Junction tree algorithm

We have seen how the variable elimination (VE) algorithm can answer marginal queries of the form $P(Y \mid E = e)$ for both directed and undirected networks.

However, this algorithm still has an important shortcoming: if we want to ask the model for another query, e.g. $P(Y_2 \mid E_2 = e_2)$ , we need to restart the algorithm from scratch. This is very wasteful and computationally burdensome.

Fortunately, it turns out that this problem is also easily avoidable. When computing marginals, VE produces many intermediate factors $\tau$ as a side-product of the main computation; these factors turn out to be the same as the ones that we need to answer other marginal queries. By caching them after a first run of VE, we can easily answer new marginal queries at essentially no additional cost.

The end result of this chapter will be a new technique called the Junction Tree (JT) algorithm; this algorithm will first execute two runs of the VE algorithm to initialize a particular data structure holding a set of pre-computed factors. Once the structure is initialize, it will be used to answer marginal queries in $O(1)$ time.
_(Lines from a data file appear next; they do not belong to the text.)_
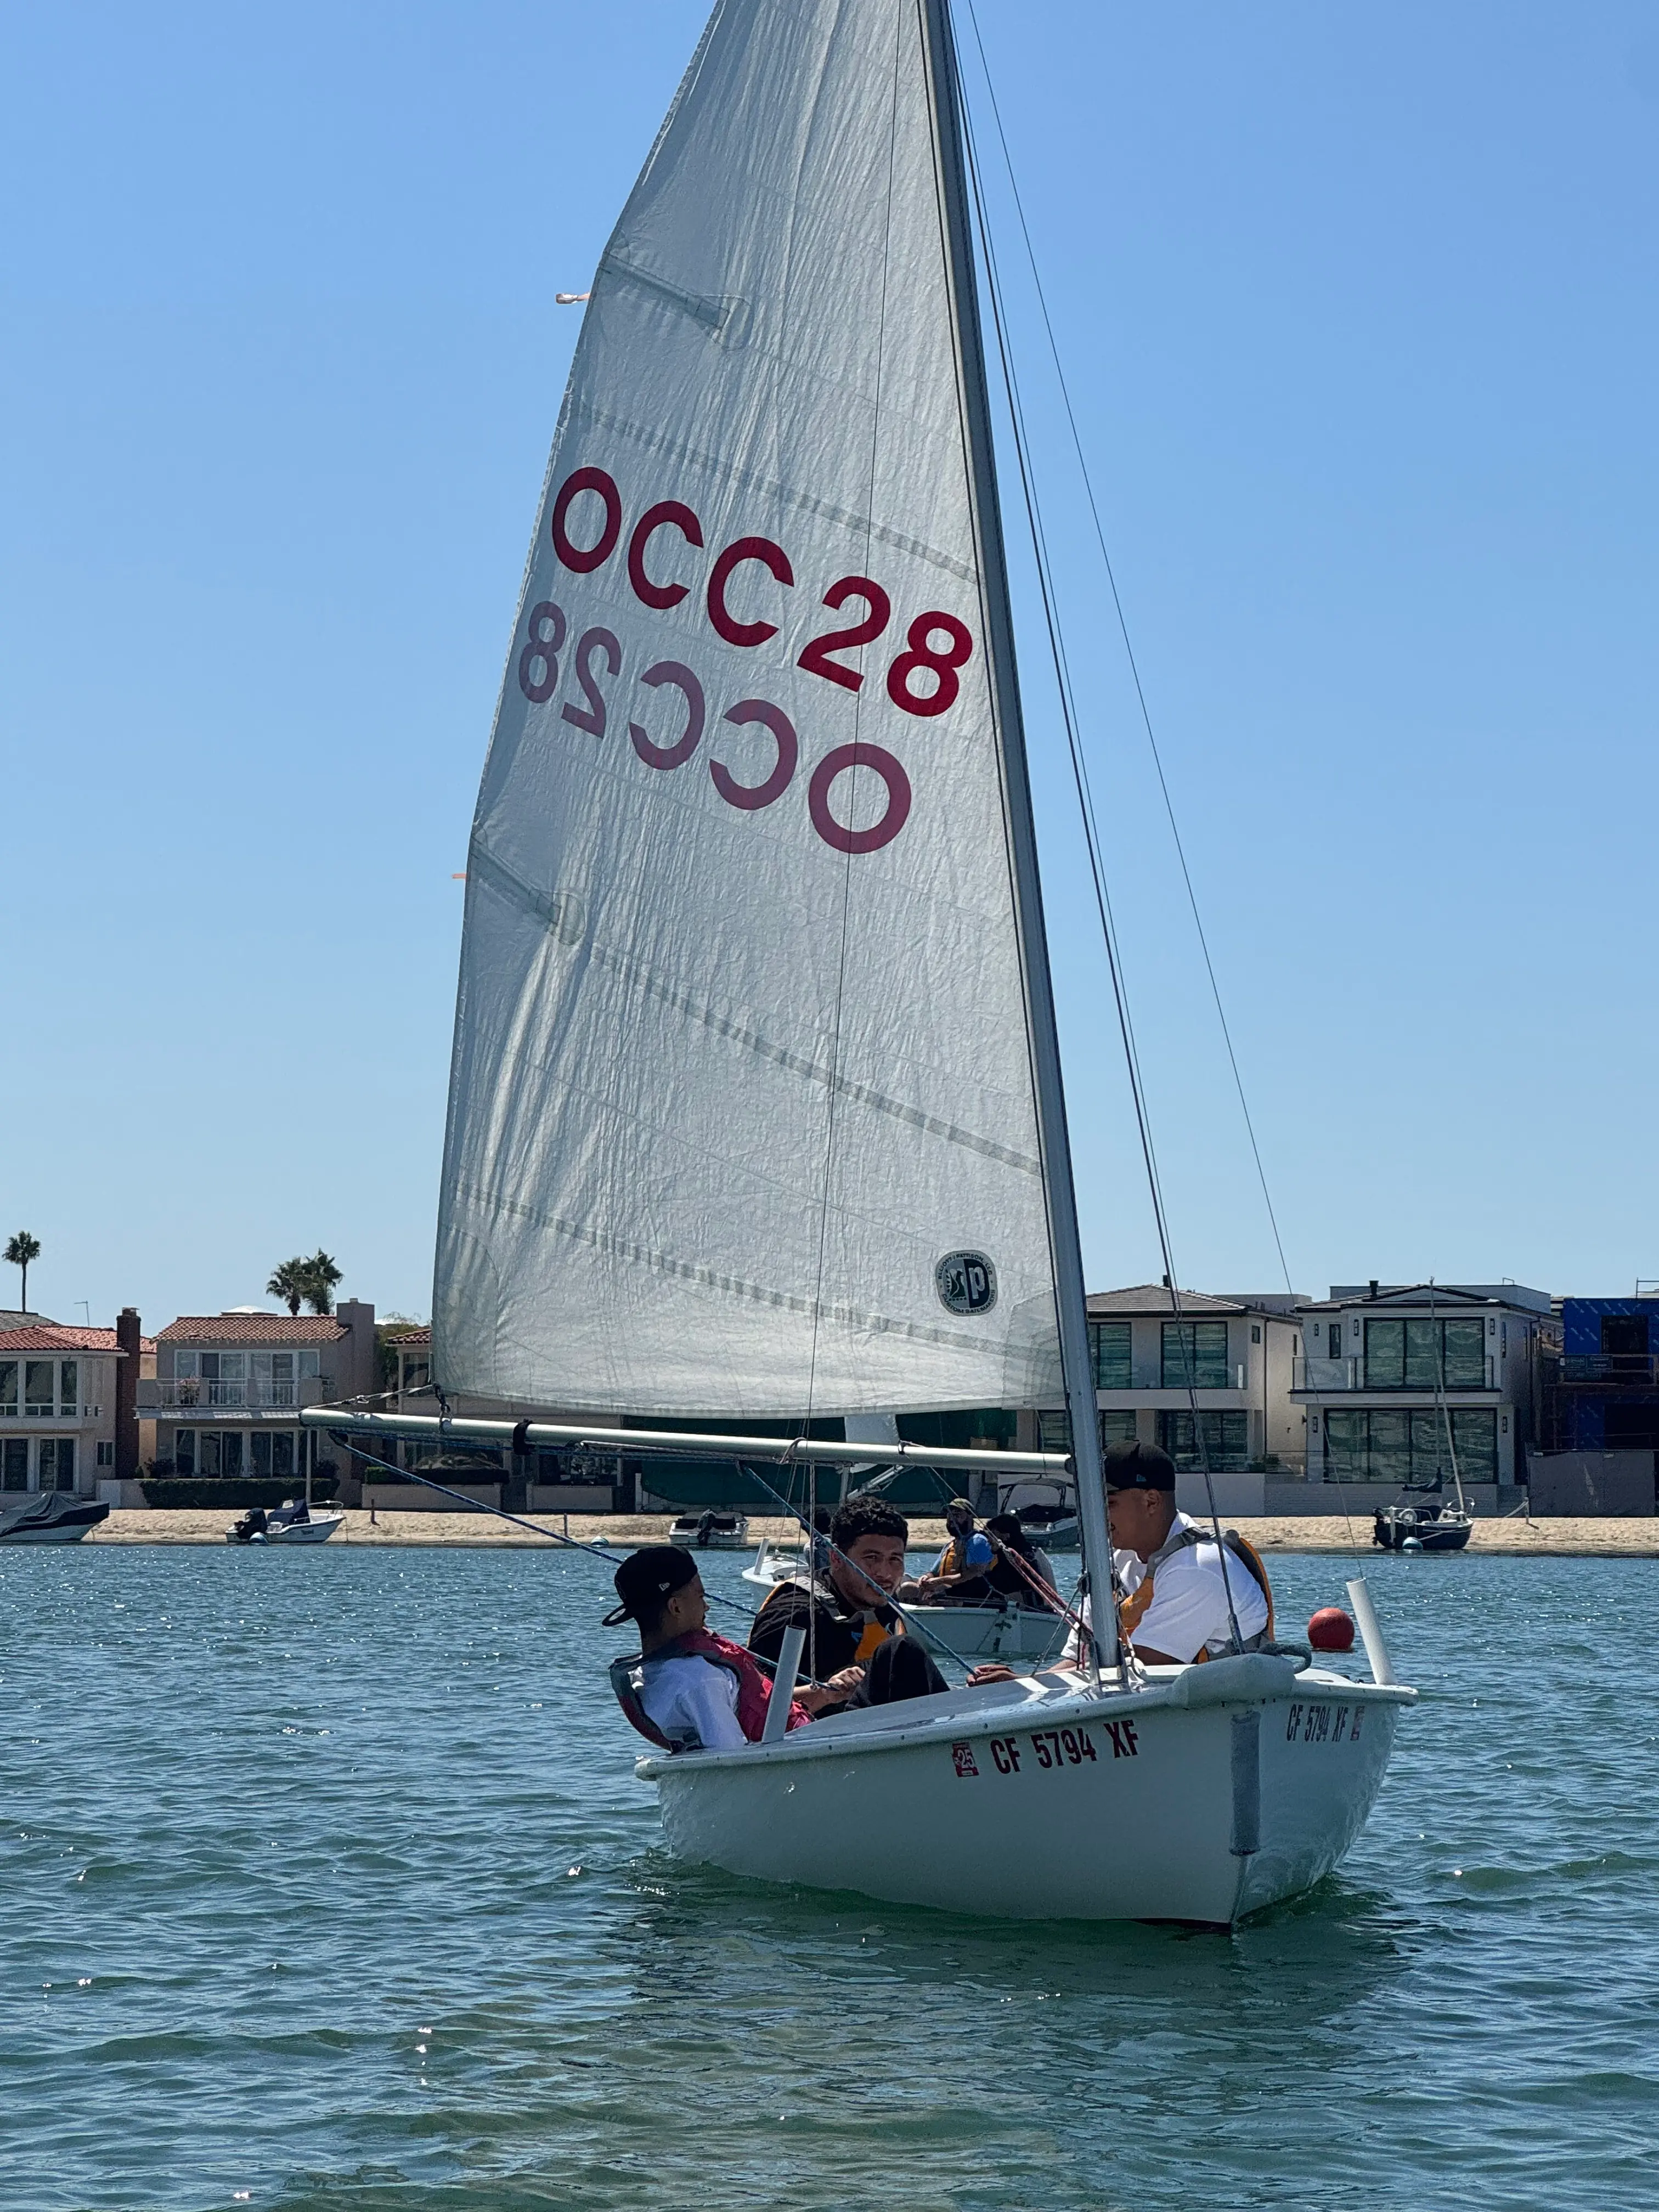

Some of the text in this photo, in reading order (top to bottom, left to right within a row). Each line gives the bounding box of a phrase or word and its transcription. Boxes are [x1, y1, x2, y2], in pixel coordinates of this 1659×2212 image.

[941, 1294, 964, 1314] CUSTOM
[1286, 1704, 1304, 1741] CF
[1331, 1706, 1349, 1742] XF
[957, 1748, 975, 1769] 25
[990, 1719, 1139, 1774] CF 5794 XF
We will introduce two variants of this algorithm: belief propagation, and then the full junction tree method. The first one will apply to tree-structured graphs, while the other will be applicable to general networks.

Belief propagation

Variable elimination as message passing

First, consider what happens if we run the VE algorithm on a tree in order to compute a marginal $p(x_i)$ . We can easily find an optimal ordering for this problem by rooting the tree at $x_i$ and iterating through the nodes in post-orderA postorder traversal of a rooted tree is one that starts from the leaves and goes up the tree such that a node if always visited after all of its children. The root is visited last. .
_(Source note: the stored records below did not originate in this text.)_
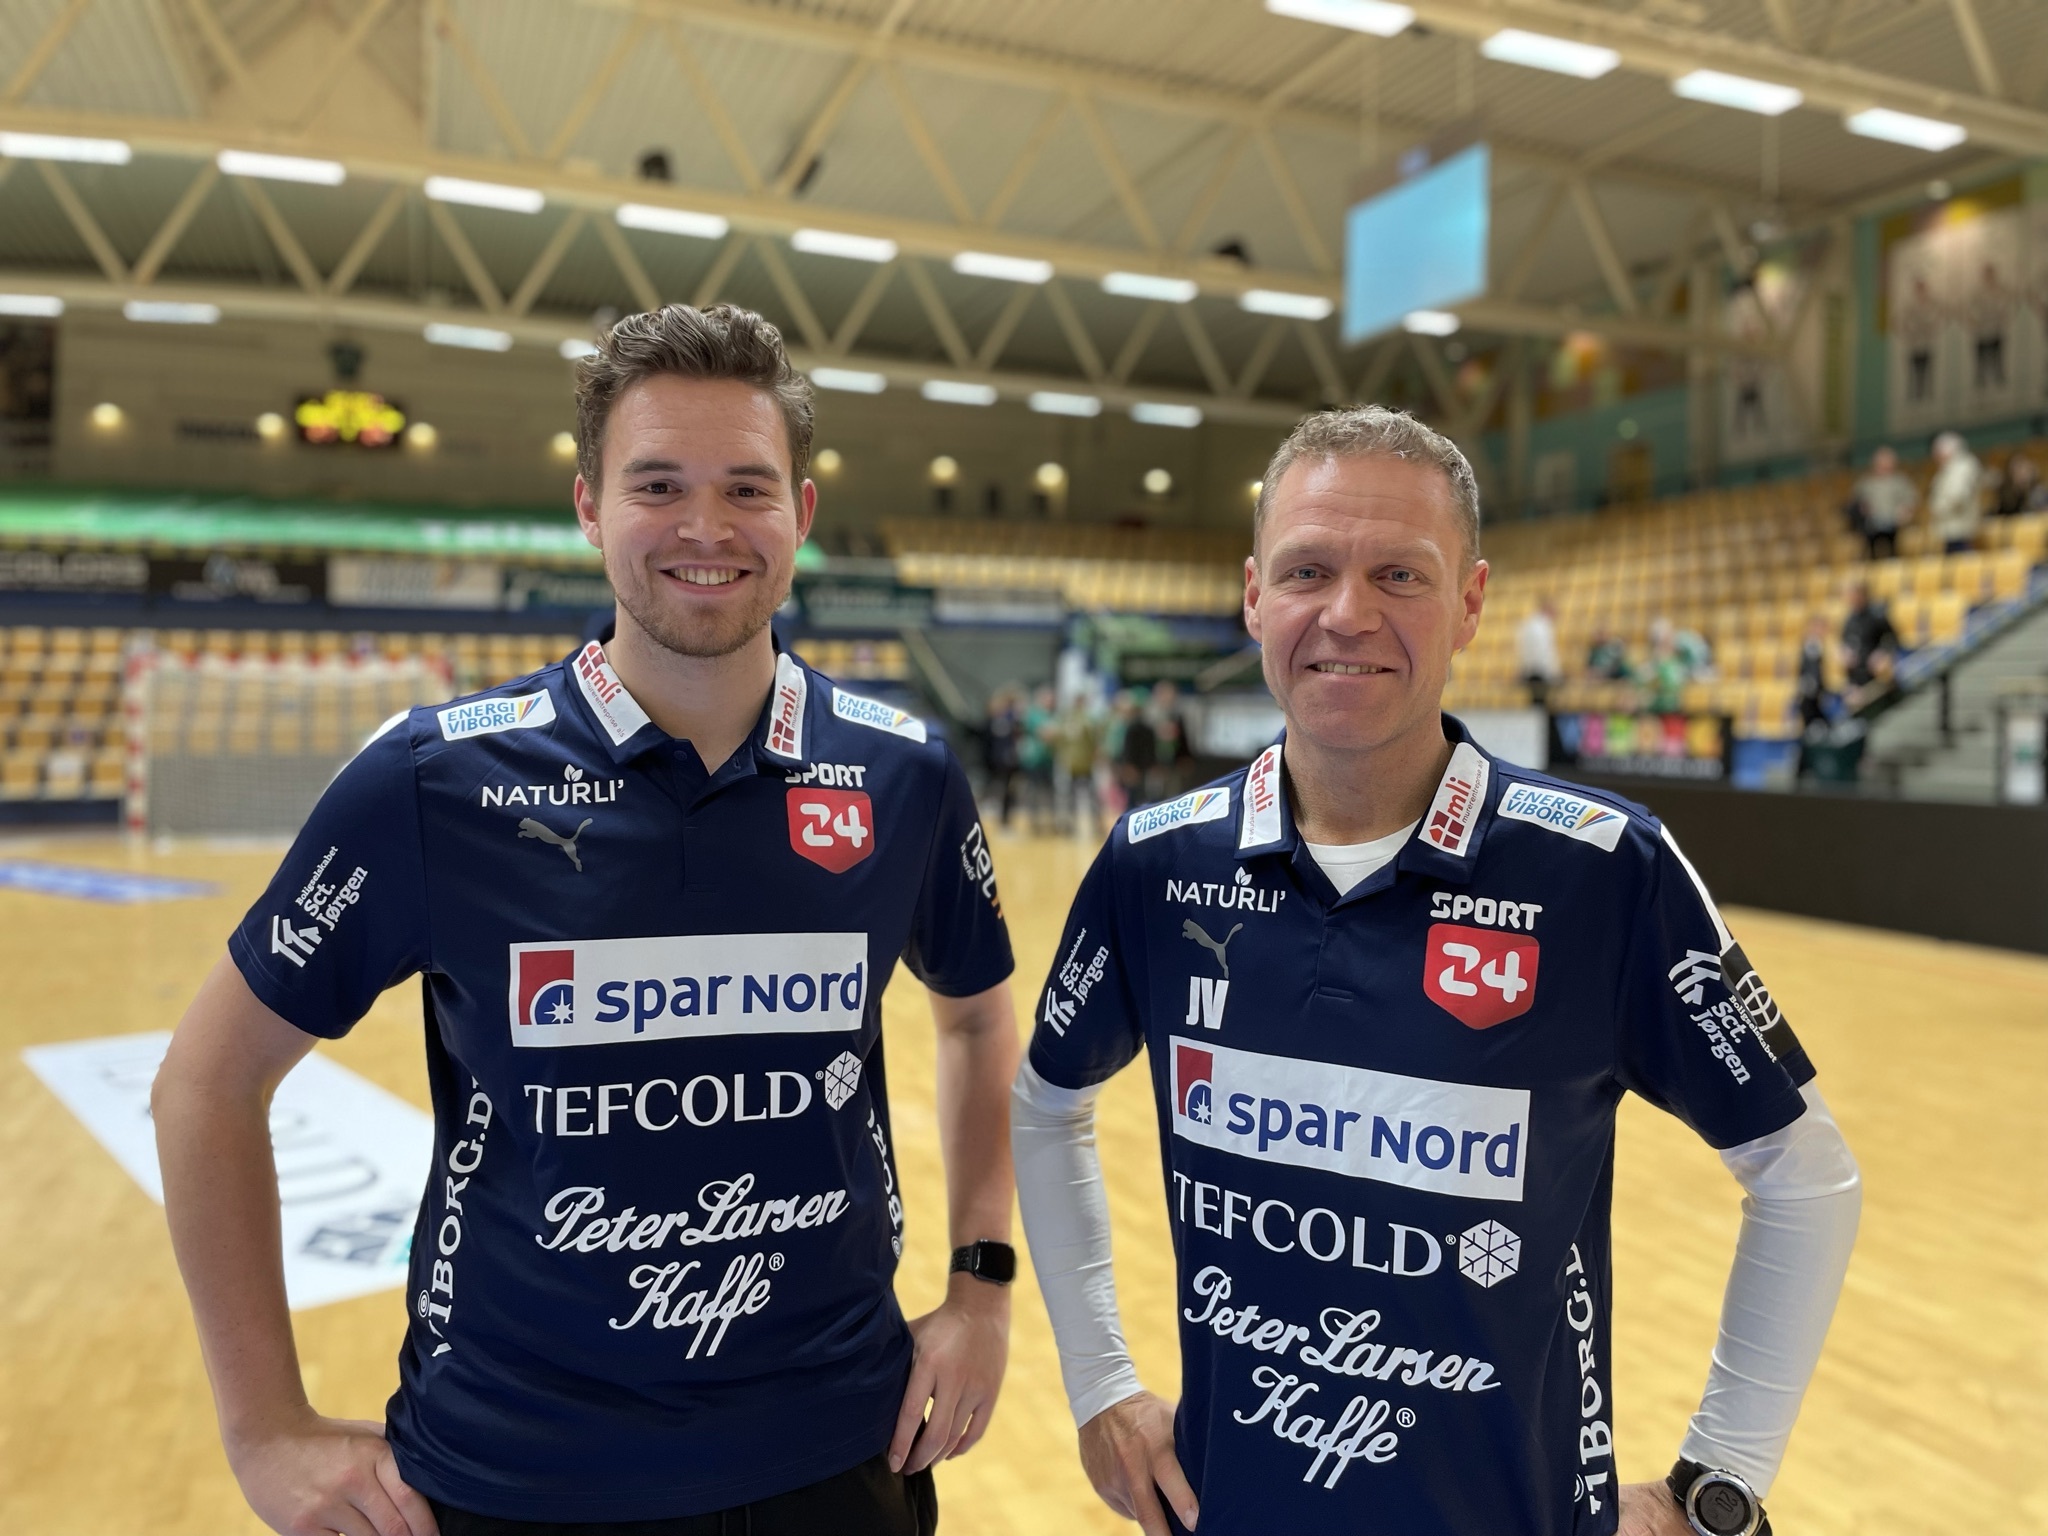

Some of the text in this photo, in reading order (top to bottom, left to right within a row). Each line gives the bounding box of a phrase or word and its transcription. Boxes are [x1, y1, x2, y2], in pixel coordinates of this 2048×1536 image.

[447, 702, 515, 722] ENERGI
[448, 712, 516, 734] VIBORG
[779, 685, 797, 725] mli
[837, 703, 893, 727] VIBORG
[838, 694, 894, 717] ENERGI
[1135, 796, 1195, 824] ENERGI
[1254, 776, 1274, 813] mli
[1445, 776, 1472, 819] mli
[1506, 799, 1579, 829] VIBORG
[1512, 789, 1588, 816] ENERGI
[800, 803, 868, 848] 24
[1133, 807, 1193, 836] VIBORG
[295, 846, 339, 906] Boligselskabet
[303, 883, 336, 917] Sct.
[316, 866, 368, 931] Jørgen
[1429, 891, 1543, 930] SPORT
[1063, 961, 1084, 992] Sct.
[1072, 946, 1109, 1006] Jørgen
[1438, 941, 1528, 1003] 24
[594, 961, 863, 1034] spar Nord
[1185, 976, 1229, 1030] JV
[1711, 1001, 1747, 1044] Sct.
[1728, 995, 1778, 1064] Boligselskabet
[1690, 1009, 1751, 1085] Jørgen
[1226, 1092, 1520, 1178] spar Nord
[535, 1173, 850, 1253] Peter Larsen
[1183, 1265, 1501, 1393] Peter Larsen
This ordering is optimal because the largest clique that formed during VE will be of size 2. At each step, we will eliminate $x_j$ ; this will involve computing the factor $\tau_k(x_k) = \sum_{x_j} \phi(x_k, x_j) \tau_j(x_j)$ , where $x_k$ is the parent of $x_j$ in the tree. At a later step, $x_k$ will be eliminated, and $\tau_k(x_k)$ will be passed up the tree to the parent $x_l$ of $x_k$ in order to be multiplied by the factor $\phi(x_l, x_k)$ before being marginalized out. We can visualize this transfer of information using arrows on a tree. ⊕
Message passing order when using VE to compute $p(x_3)$ on a small tree.
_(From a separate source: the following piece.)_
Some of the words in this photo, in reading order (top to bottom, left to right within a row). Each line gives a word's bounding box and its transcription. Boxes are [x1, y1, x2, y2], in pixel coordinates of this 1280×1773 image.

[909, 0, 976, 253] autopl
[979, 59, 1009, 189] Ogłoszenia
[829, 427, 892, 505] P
In a sense, when $x_k$ is marginalized out, it receives all the signal from variables underneath it from the tree. Because of the tree structure (variables affect each other only through their direct neighbors), this signal can be completely summarized in a factor $\tau(x_j)$ . Thus, it makes sense to think of the $\tau(x_j)$ as a message that $x_j$ sends to $x_k$ to summarize all it knows about its children variables.

At the end of the VE run, $x_i$ receives messages from all of its immediate children, marginalizes them out, and we obtain the final marginal.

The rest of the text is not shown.